Transfer of AP, IB, AICE Credit
For credit to be awarded for Advanced Placement (AP), International Baccalaureate (IB), Cambridge Advanced International Certificate of Education (AICE), an official score report, sent directly from the respective organization, must be received and evaluated by the Registrar’s office.
The determination of credit to be awarded is made by department chairs, as approved by the appropriate school dean and Academic Council. Approved award criteria are established on a yearly basis and credit is awarded to students entering Berry during that academic year. Students may elect to have credit removed upon request.

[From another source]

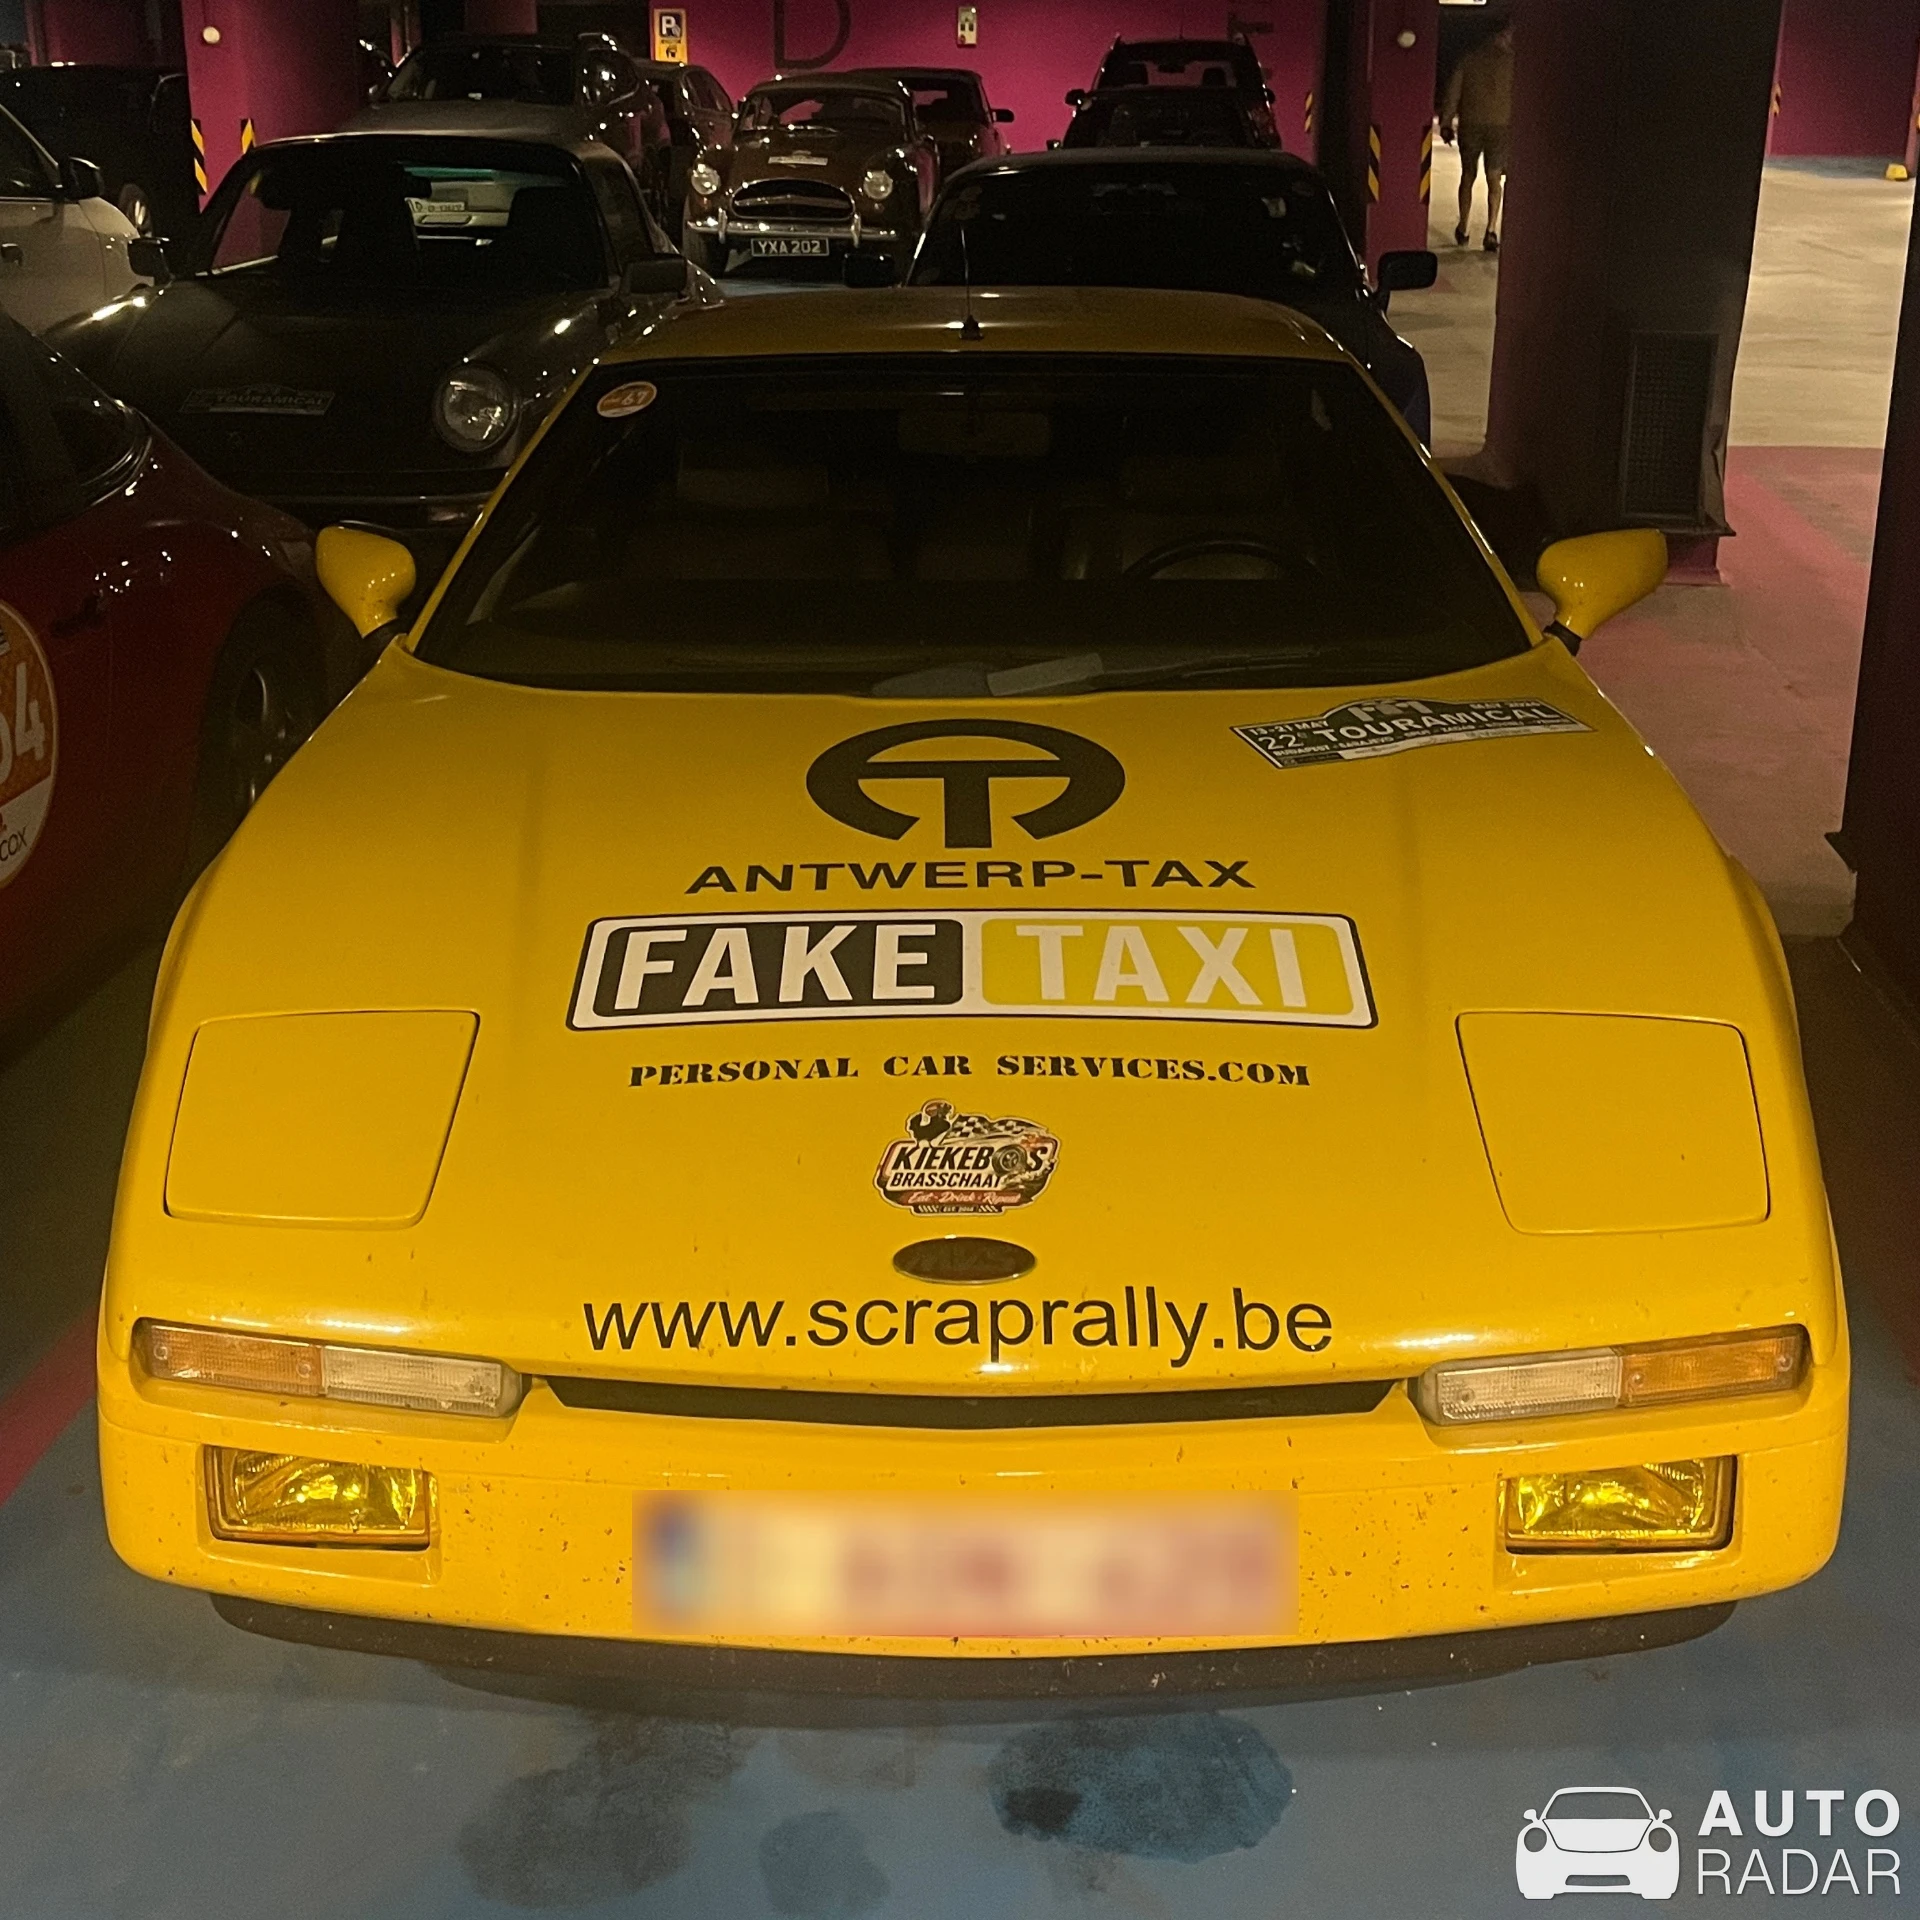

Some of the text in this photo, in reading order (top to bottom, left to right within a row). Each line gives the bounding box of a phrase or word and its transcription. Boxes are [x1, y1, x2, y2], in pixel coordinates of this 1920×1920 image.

Credit hours, Grades, and GPA calculations of transfer credit
In the computation of a student’s grade-point average (GPA) for coursework completed at another institution, all coursework except developmental or other remedial-type courses enters into the computation. Pluses and minuses are calculated using the Berry grading system. Berry does not accept D grades in transfer. Once a student is enrolled at Berry, her or his Berry GPA reflects Berry work only, except for determining Phi Kappa Phi membership eligibility, class rank and graduation with honors. In those cases, the combined GPA is used.
For students transferring to Berry, 3.33 semester hours will be granted for a five-quarter-hour course; 2.66 semester hours for a four-quarter-hour course; 2.00 semester hours for a three quarter-hour course; 1.33 semester hours for a two-quarter-hour course; and 0.67 semester hours will be granted for a one-quarter-hour course. Credit earned at some international institutions will be rounded to the nearest credit hour.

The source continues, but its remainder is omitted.